Why is the U.S. Government Protecting BP?
By Greg Hunter
August 22nd, 2010
A little more than 2 weeks ago, the government said nearly 75% of the oil from the worst environmental disaster in history was gone! Government scientists claim most of the oil had dissolved, dispersed or been removed. Now, government scientists are defending their claims against a new report from University of Georgia scientists. According to the Associated Press, “. . . Monday, five Georgia scientists who reviewed government data said that instead of only 26 percent of the oil remaining in the Gulf, as a federal report said earlier this month, it’s actually closer to 80 percent. “Where has all the oil gone? It hasn’t gone anywhere.
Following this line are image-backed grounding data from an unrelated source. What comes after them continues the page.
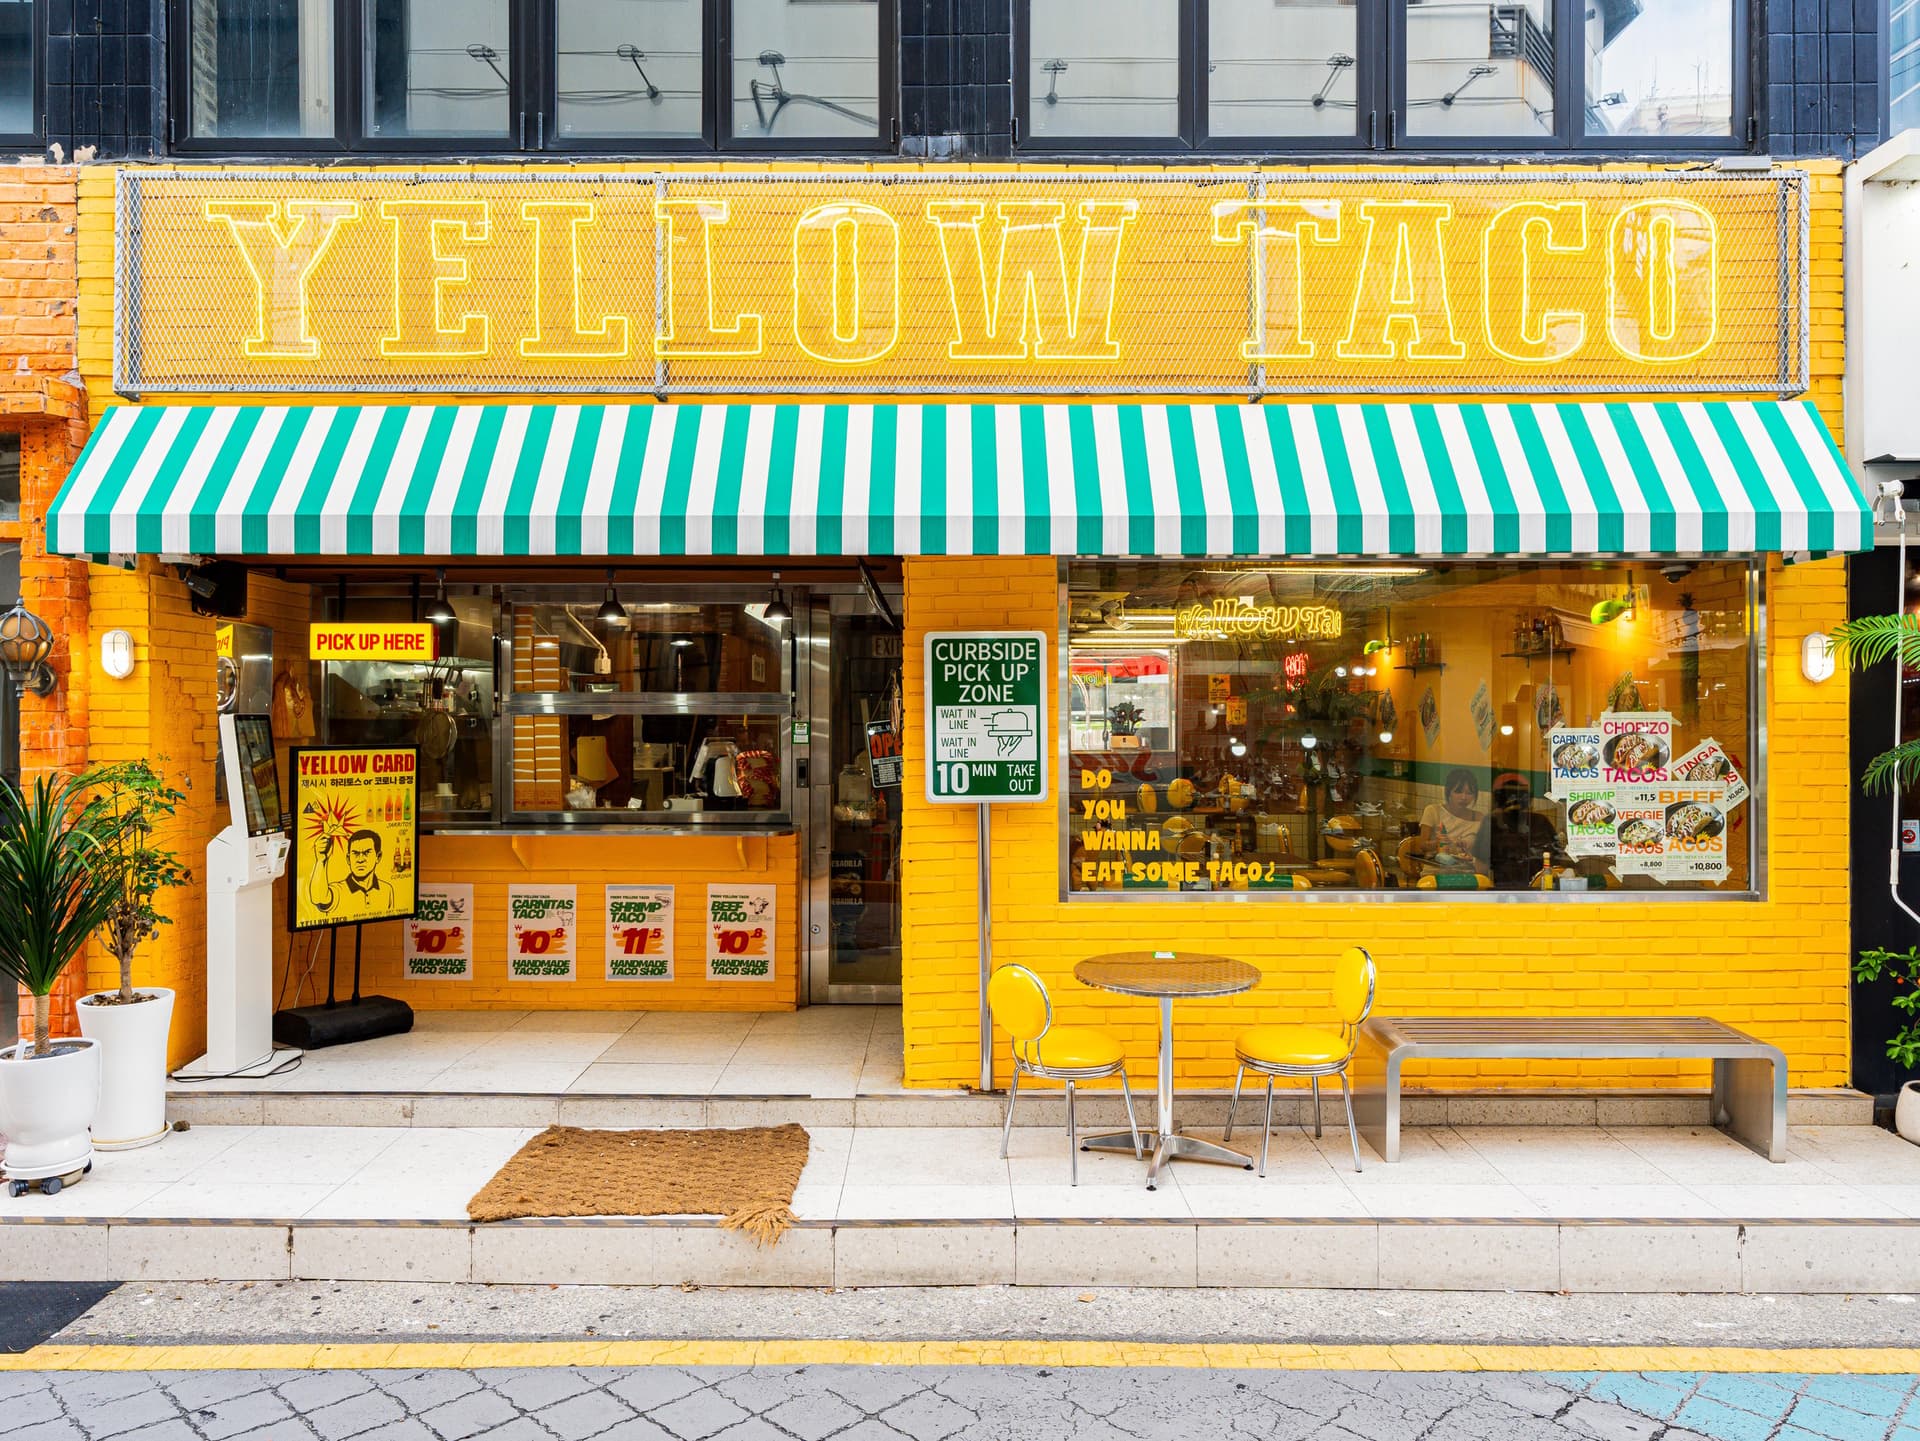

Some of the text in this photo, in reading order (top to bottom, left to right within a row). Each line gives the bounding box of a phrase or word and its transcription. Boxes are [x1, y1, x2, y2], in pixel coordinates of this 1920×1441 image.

[203, 198, 1719, 366] YELLOW TACO
[316, 634, 424, 650] PICK UP HERE
[935, 642, 1037, 661] CURBSIDE
[944, 664, 1029, 682] PICK UP
[959, 684, 1014, 702] ZONE
[941, 709, 976, 719] WAIT IN
[949, 720, 968, 730] LINE
[941, 737, 977, 747] WAIT IN
[1552, 735, 1600, 744] CARNITAS
[870, 732, 902, 759] OPE
[949, 748, 969, 758] LINE
[300, 754, 415, 775] YELLOW CARD
[1674, 744, 1718, 776] TINGA
[937, 763, 1036, 794] 10 MIN TAKE
[1553, 767, 1599, 779] TACOS
[1602, 767, 1668, 783] TACOS
[1081, 769, 1112, 789] DO
[1009, 779, 1034, 791] OUT
[1569, 791, 1615, 801] SHRIMP
[1658, 791, 1724, 803] BEEF
[1082, 800, 1126, 820] YOU
[1617, 811, 1664, 820] VEGGIE
[1569, 823, 1616, 836] TACOS
[1082, 831, 1160, 850] WANNA
[1668, 836, 1723, 853] ACOS
[1618, 843, 1664, 854] TACOS
[1081, 862, 1125, 881] EAT
[1132, 862, 1201, 882] SOME
[417, 900, 448, 911] INGA
[512, 899, 574, 909] CARNITAS
[610, 901, 662, 913] SHRIMP
[711, 901, 744, 911] BEEF
[410, 910, 445, 921] ACO
[512, 909, 545, 919] TACO
[610, 912, 646, 923] TACO
[712, 911, 747, 922] TACO
[409, 959, 467, 967] HANDMADE
[512, 960, 571, 968] HANDMADE
[610, 960, 668, 968] HANDMADE
[711, 959, 769, 967] HANDMADE
[410, 966, 466, 975] TACO SHOP
[514, 967, 570, 976] TACO SHOP
[612, 967, 667, 976] TACO SHOP
[712, 967, 768, 976] TACO SHOP
It still lurks in the deep,” said University of Georgiamarine scientist Chuck Hopkinson. He headed the quick independent look by the Georgia Sea Grant program at the estimates the White House released.” Hopkins also said, “The Georgia team said it is a misinterpretation of data to claim that oil that is dissolved or dispersed is gone. The bottom line is most of it is still out there, There’s nothing in the report to substantiate the 26 percent.” (Click here for the complete AP story.)
The scientists at the University of Georgia are not alone in their skepticism of the government’s oil calculations. Other scientists also challenged the government assertion that nearly 75% of the oil has vanished and is no longer a problem. Yesterday, a story by the online news site 2theadvocate.com said, “I don’t believe the numbers in this report,” said Rick Steiner, a marine conservationist who retired as a professor at the University of Alaska after 30 years — including during the Exxon Valdez oil spill in 1989. Some of the numbers are nothing more than wild guesses, Steiner said. The most-disturbing aspect of the government report is that scientists “did not discuss any methodology it used for driving the results of its study,” Steiner said. “There’s no way to judge the veracity of the estimates they make without knowing how they came up with them,” he said. “And for a scientific report, it’s only four pages long. I mean, come on.” (Click here for the complete 2theadvocate.com story)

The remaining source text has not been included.